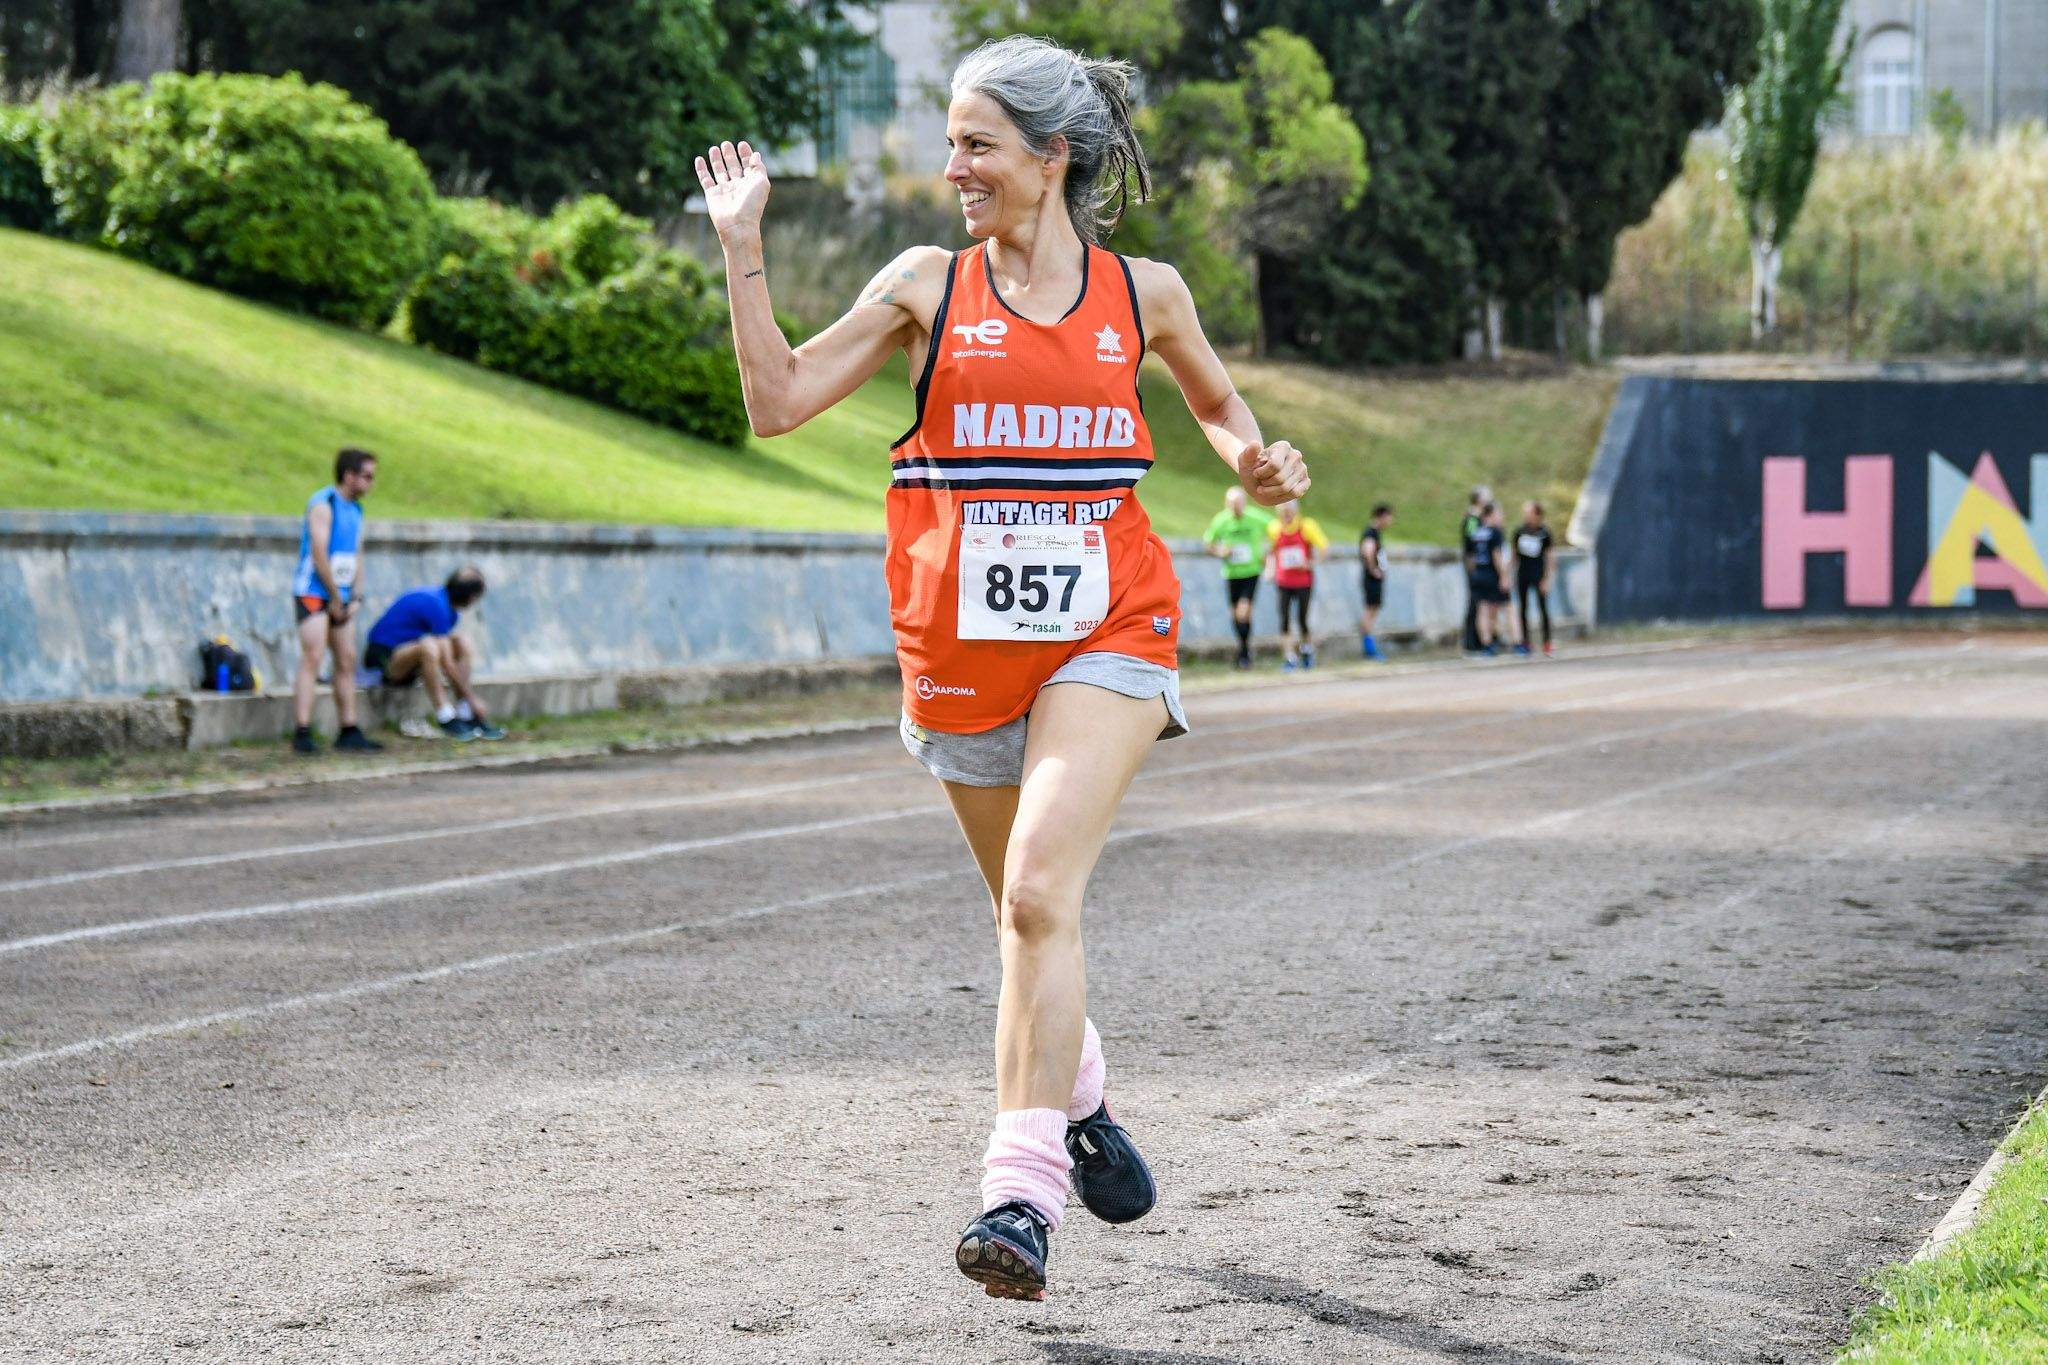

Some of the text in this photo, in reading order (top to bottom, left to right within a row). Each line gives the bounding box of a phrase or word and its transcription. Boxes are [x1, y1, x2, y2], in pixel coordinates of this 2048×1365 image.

[953, 403, 1136, 448] MADRID
[962, 501, 1068, 525] VINTAGE
[985, 563, 1082, 613] 857
[1032, 621, 1061, 633] rasán
[1073, 620, 1099, 632] 2023
[932, 685, 976, 696] MAPOMA

### About this task
Would you output the listing above verbatim, without its pictures?

### Exercise solution
Some of the text in this photo, in reading order (top to bottom, left to right within a row). Each line gives the bounding box of a phrase or word and its transcription. Boxes are [x1, y1, x2, y2], in pixel coordinates of this 2048×1365 image.

[953, 403, 1136, 448] MADRID
[962, 501, 1068, 525] VINTAGE
[985, 563, 1082, 613] 857
[1032, 621, 1061, 633] rasán
[1073, 620, 1099, 632] 2023
[932, 685, 976, 696] MAPOMA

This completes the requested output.